» THE PROBLEM
Only the lines from the one containing "this 2048×1364 image." through the final line of the entries below are wanted, each copied exactly.

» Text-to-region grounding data
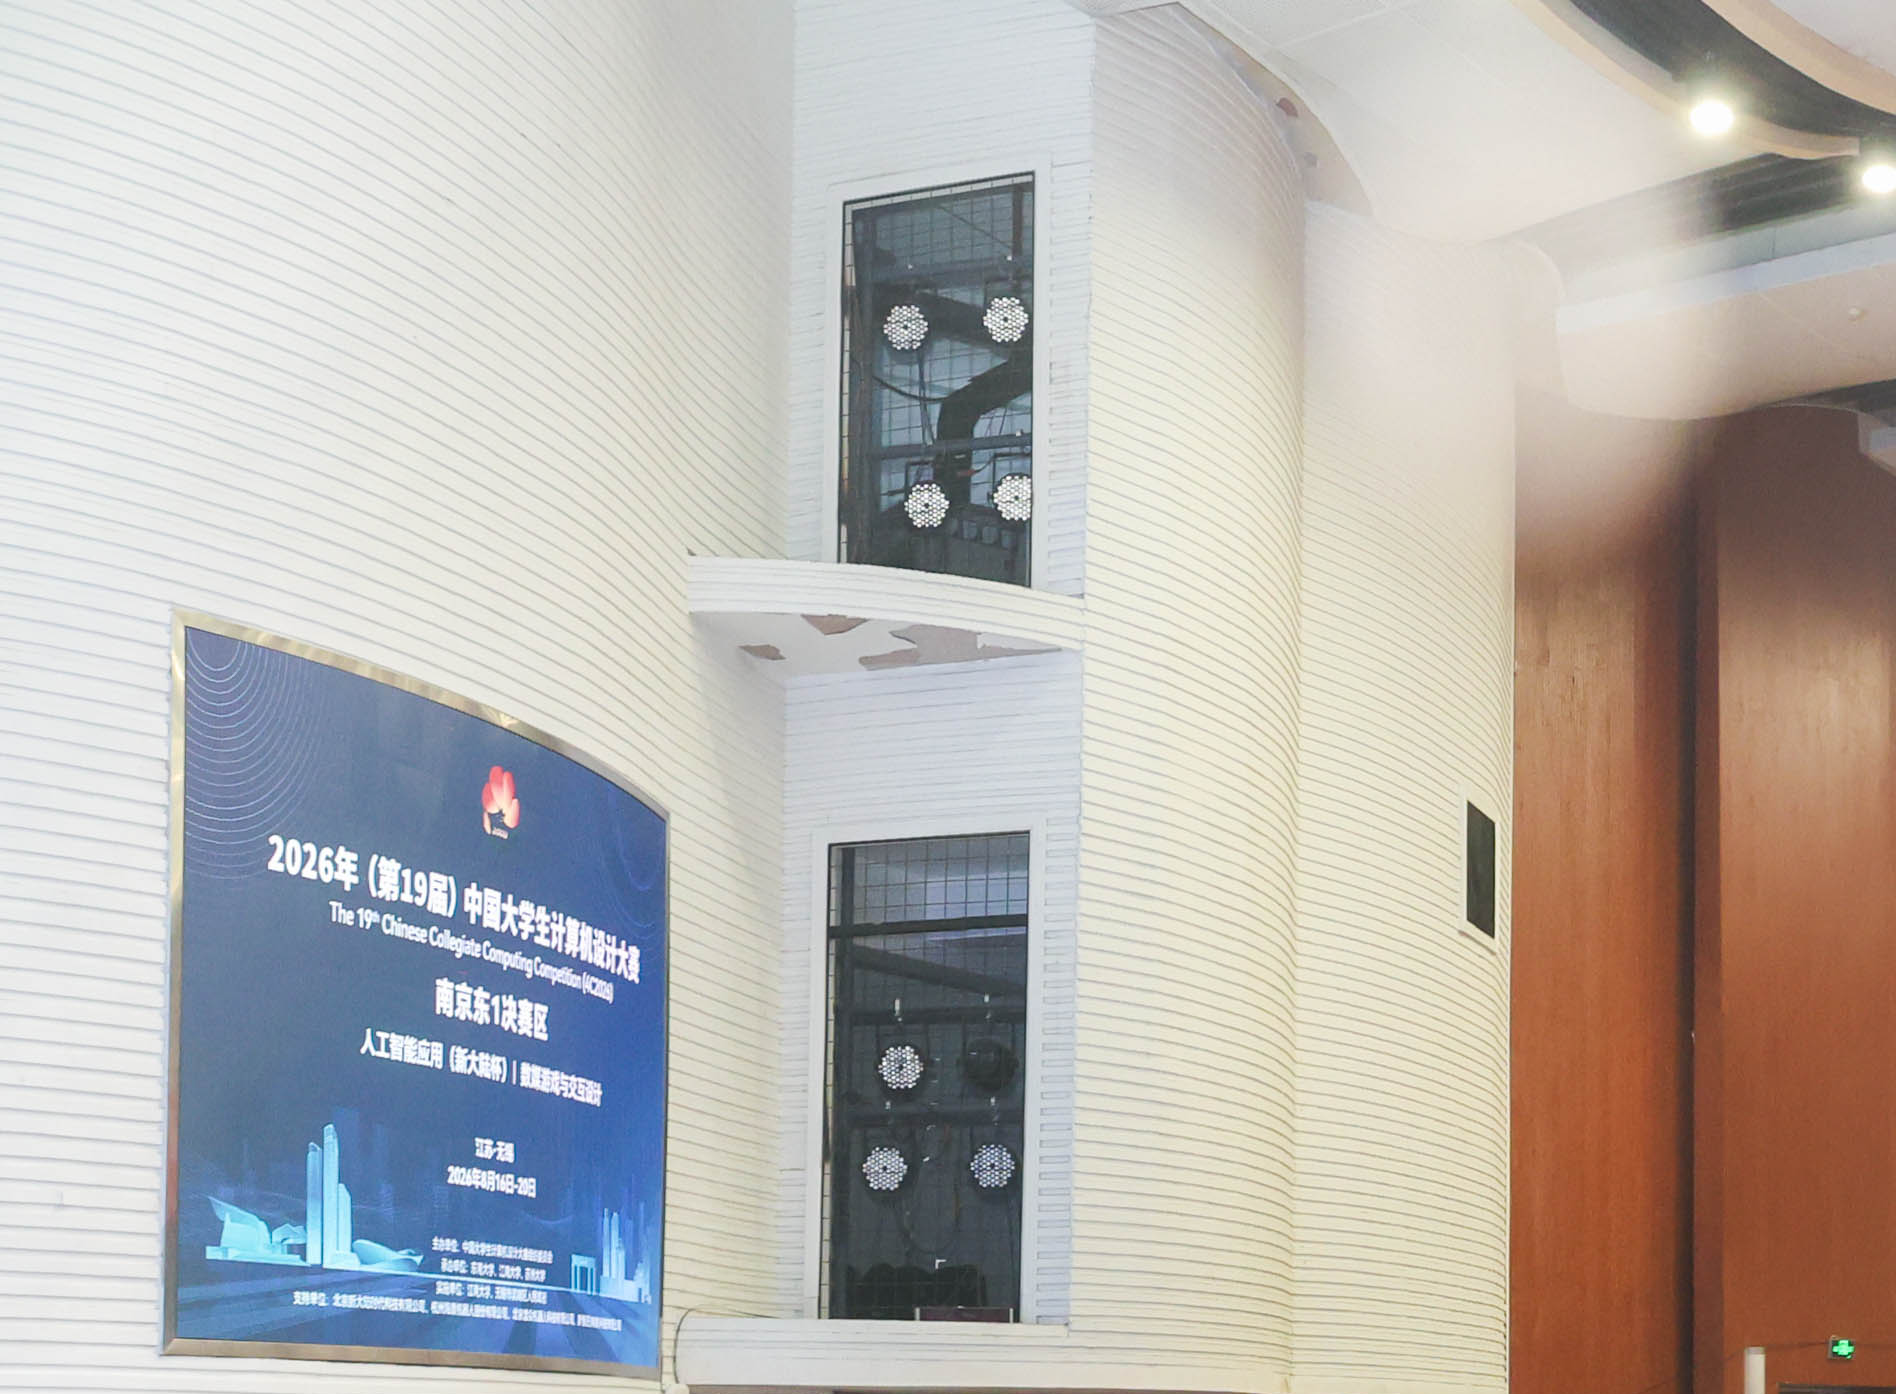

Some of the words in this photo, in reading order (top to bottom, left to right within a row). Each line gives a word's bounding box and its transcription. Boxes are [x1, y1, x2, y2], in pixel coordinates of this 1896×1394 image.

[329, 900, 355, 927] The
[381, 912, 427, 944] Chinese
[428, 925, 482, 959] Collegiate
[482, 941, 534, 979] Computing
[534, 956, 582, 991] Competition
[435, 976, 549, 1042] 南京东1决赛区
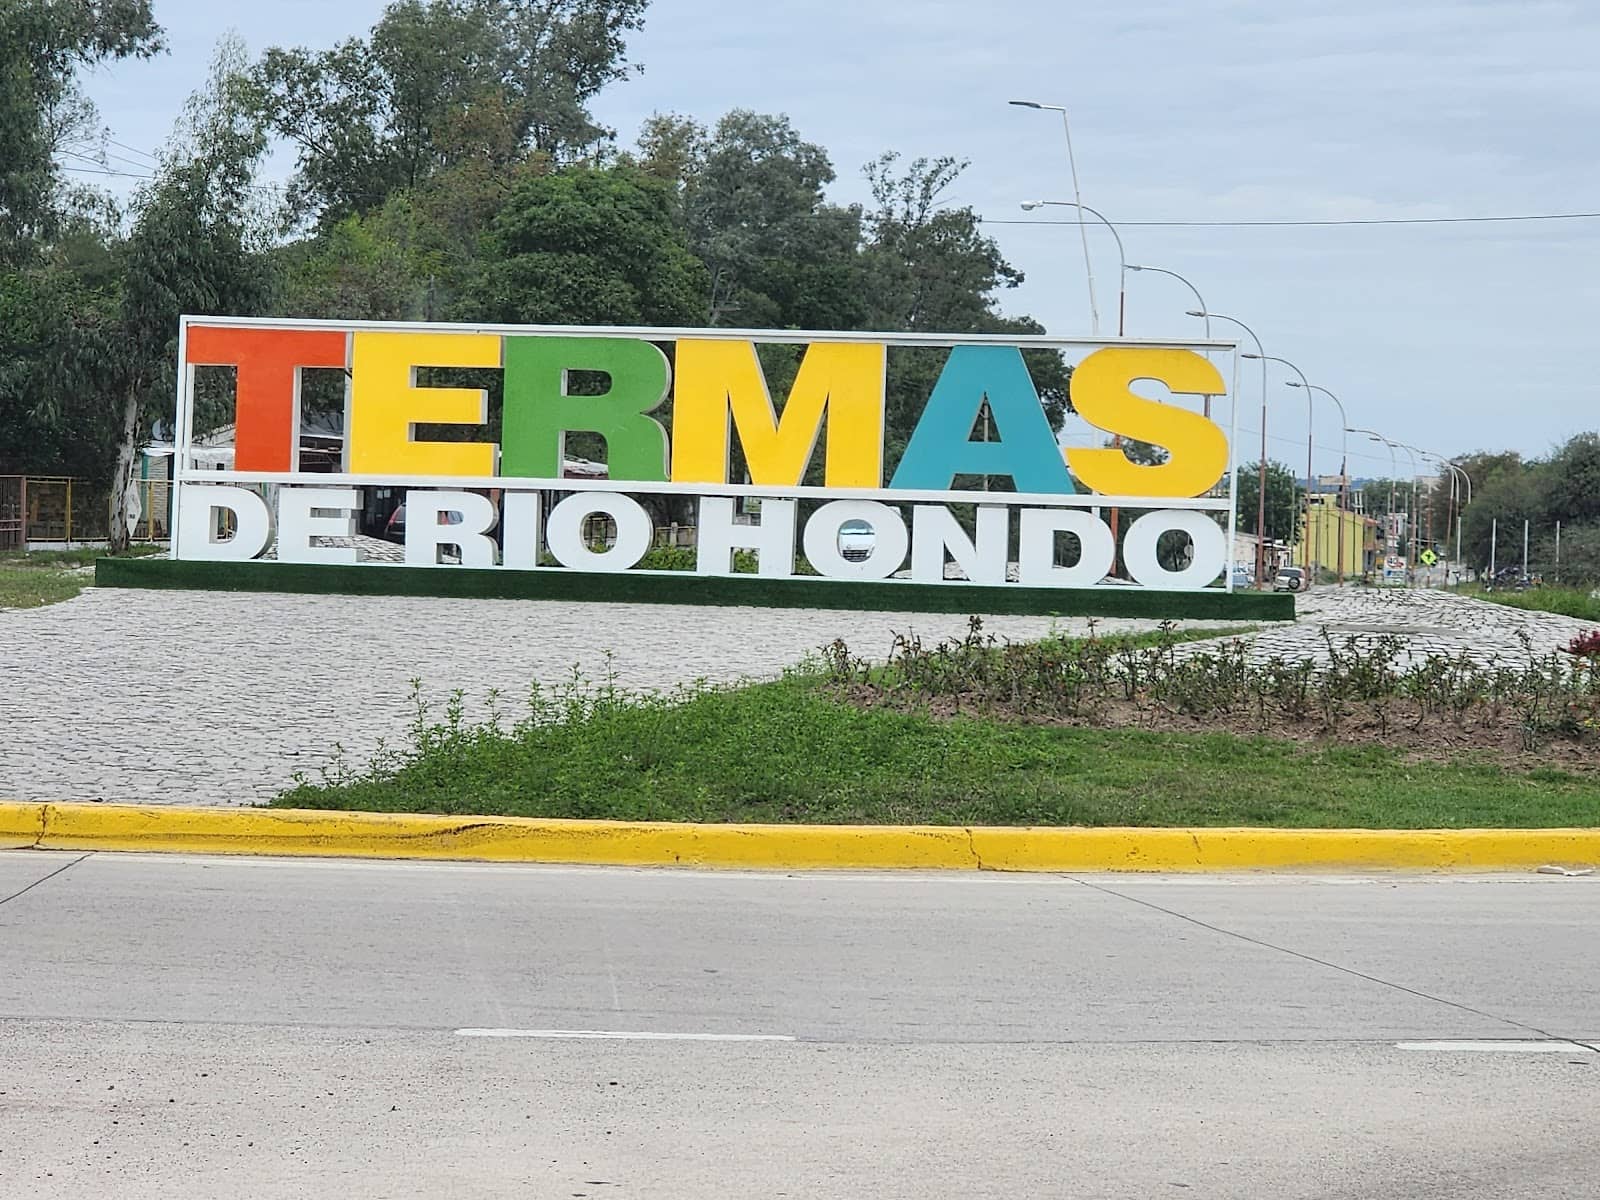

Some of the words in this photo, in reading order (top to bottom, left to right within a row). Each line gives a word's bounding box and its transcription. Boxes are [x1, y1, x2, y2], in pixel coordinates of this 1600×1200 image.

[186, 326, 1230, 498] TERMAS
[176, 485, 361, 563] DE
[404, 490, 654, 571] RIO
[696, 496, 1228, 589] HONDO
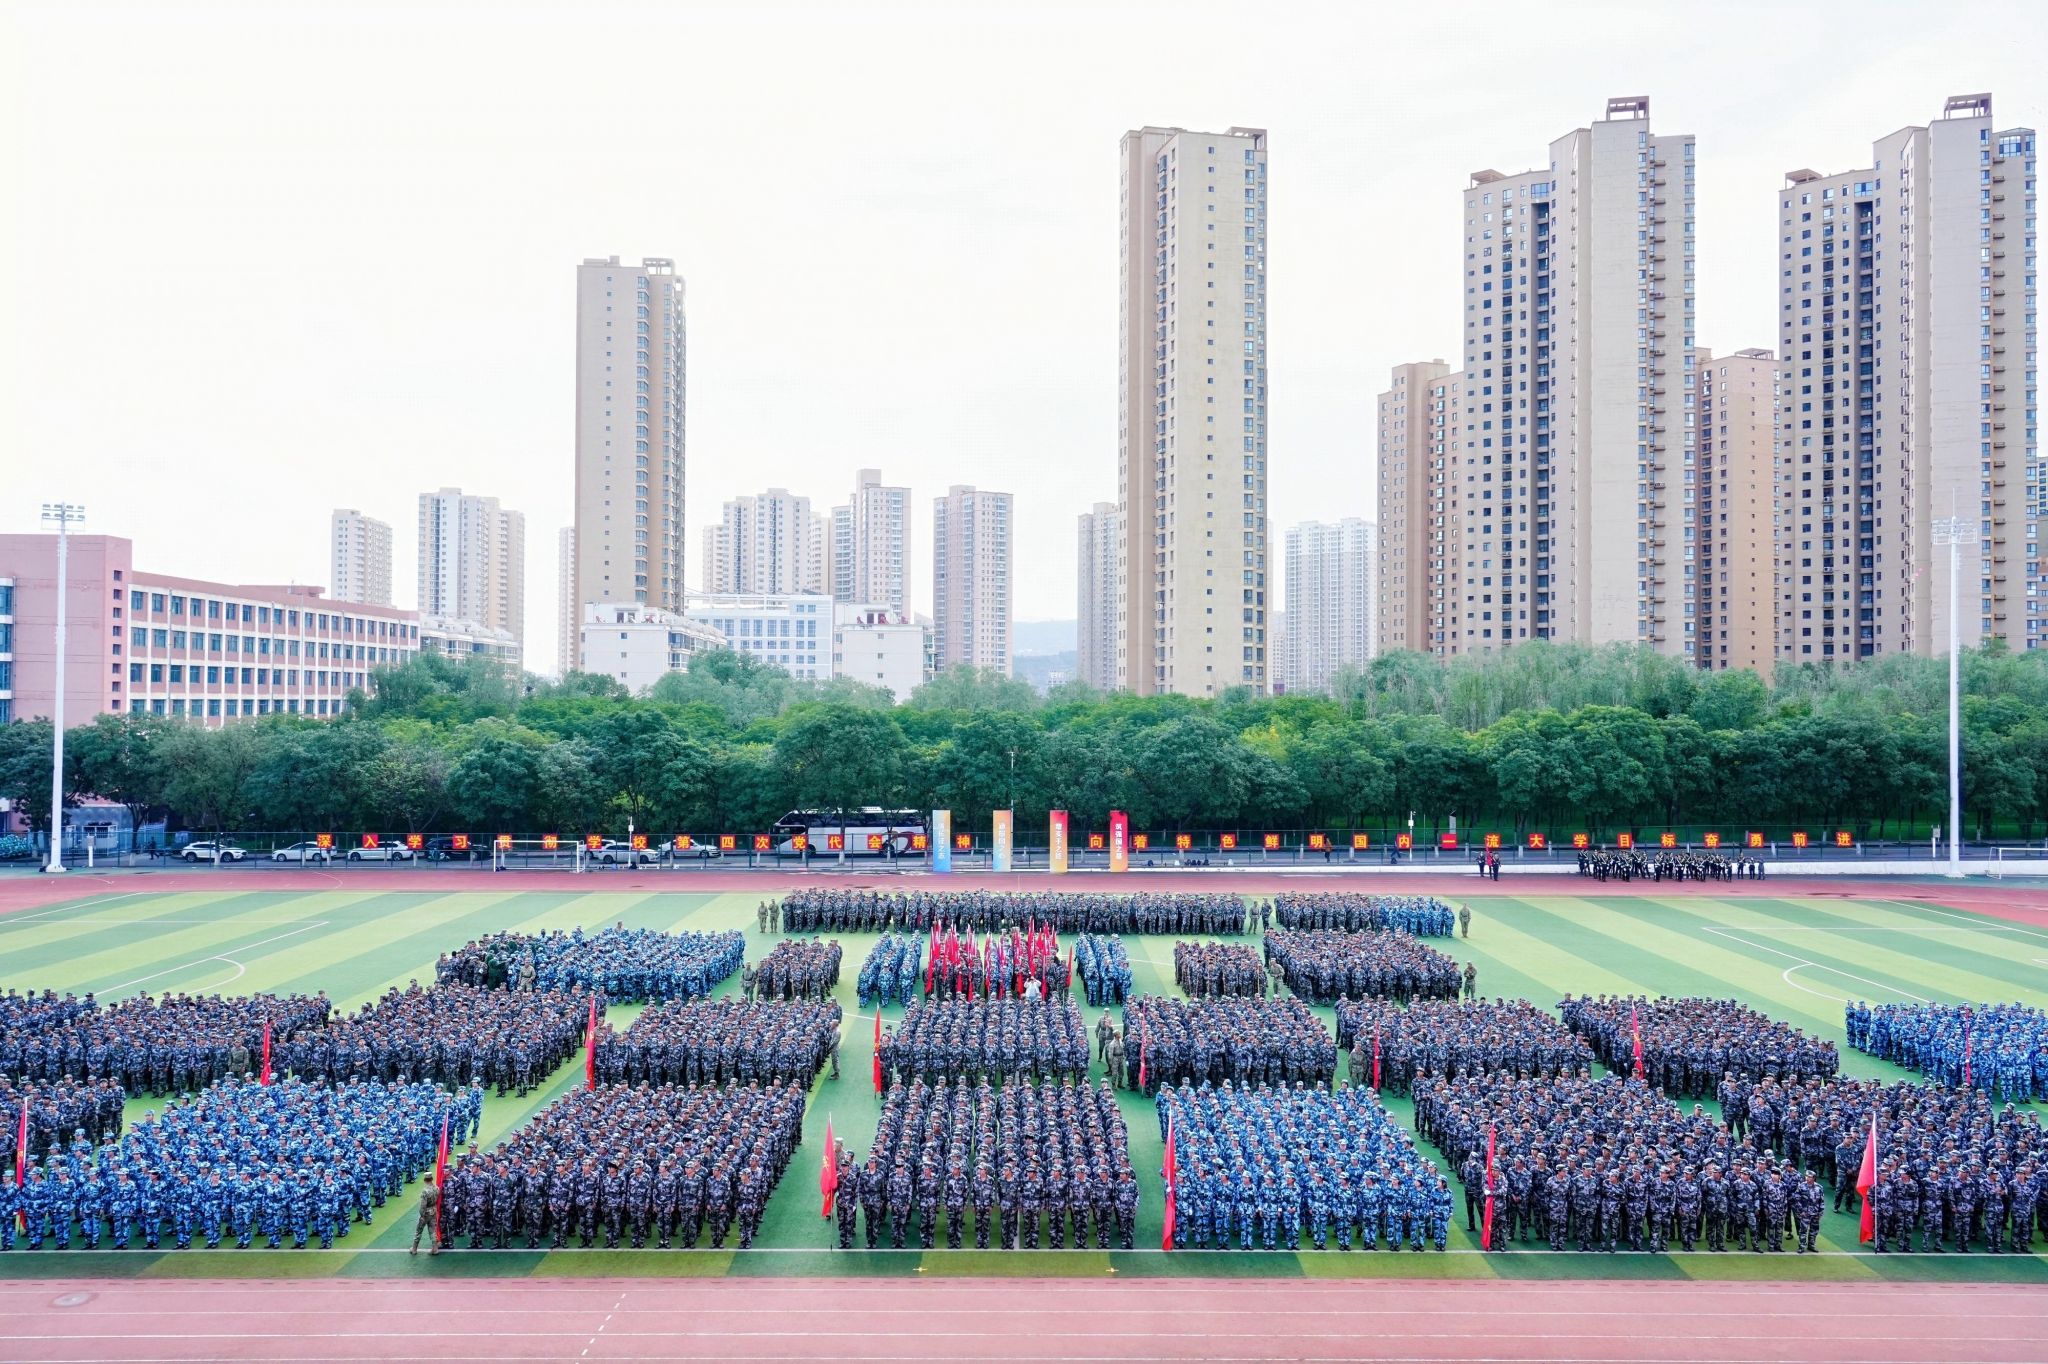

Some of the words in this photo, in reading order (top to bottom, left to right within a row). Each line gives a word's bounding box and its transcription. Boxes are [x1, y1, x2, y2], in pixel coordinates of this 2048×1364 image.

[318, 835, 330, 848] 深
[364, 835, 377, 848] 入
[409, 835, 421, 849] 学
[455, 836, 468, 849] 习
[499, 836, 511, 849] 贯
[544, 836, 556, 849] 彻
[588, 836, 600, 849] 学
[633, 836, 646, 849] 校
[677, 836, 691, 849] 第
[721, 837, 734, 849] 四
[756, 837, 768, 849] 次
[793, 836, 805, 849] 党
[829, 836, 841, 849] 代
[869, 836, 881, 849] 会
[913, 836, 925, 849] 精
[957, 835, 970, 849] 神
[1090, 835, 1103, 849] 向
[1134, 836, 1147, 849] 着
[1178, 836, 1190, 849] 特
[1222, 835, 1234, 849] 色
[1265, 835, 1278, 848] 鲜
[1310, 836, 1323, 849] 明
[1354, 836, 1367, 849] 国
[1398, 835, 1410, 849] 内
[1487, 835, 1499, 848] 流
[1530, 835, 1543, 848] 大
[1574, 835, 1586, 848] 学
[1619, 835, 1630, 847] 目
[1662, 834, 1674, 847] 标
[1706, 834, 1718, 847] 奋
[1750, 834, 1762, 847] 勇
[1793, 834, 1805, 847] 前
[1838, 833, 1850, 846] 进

» WRITTEN ANSWER
Some of the words in this photo, in reading order (top to bottom, left to right within a row). Each line gives a word's bounding box and its transcription. Boxes are [x1, y1, x2, y2], in pixel coordinates of this 2048×1364 image.

[318, 835, 330, 848] 深
[364, 835, 377, 848] 入
[409, 835, 421, 849] 学
[455, 836, 468, 849] 习
[499, 836, 511, 849] 贯
[544, 836, 556, 849] 彻
[588, 836, 600, 849] 学
[633, 836, 646, 849] 校
[677, 836, 691, 849] 第
[721, 837, 734, 849] 四
[756, 837, 768, 849] 次
[793, 836, 805, 849] 党
[829, 836, 841, 849] 代
[869, 836, 881, 849] 会
[913, 836, 925, 849] 精
[957, 835, 970, 849] 神
[1090, 835, 1103, 849] 向
[1134, 836, 1147, 849] 着
[1178, 836, 1190, 849] 特
[1222, 835, 1234, 849] 色
[1265, 835, 1278, 848] 鲜
[1310, 836, 1323, 849] 明
[1354, 836, 1367, 849] 国
[1398, 835, 1410, 849] 内
[1487, 835, 1499, 848] 流
[1530, 835, 1543, 848] 大
[1574, 835, 1586, 848] 学
[1619, 835, 1630, 847] 目
[1662, 834, 1674, 847] 标
[1706, 834, 1718, 847] 奋
[1750, 834, 1762, 847] 勇
[1793, 834, 1805, 847] 前
[1838, 833, 1850, 846] 进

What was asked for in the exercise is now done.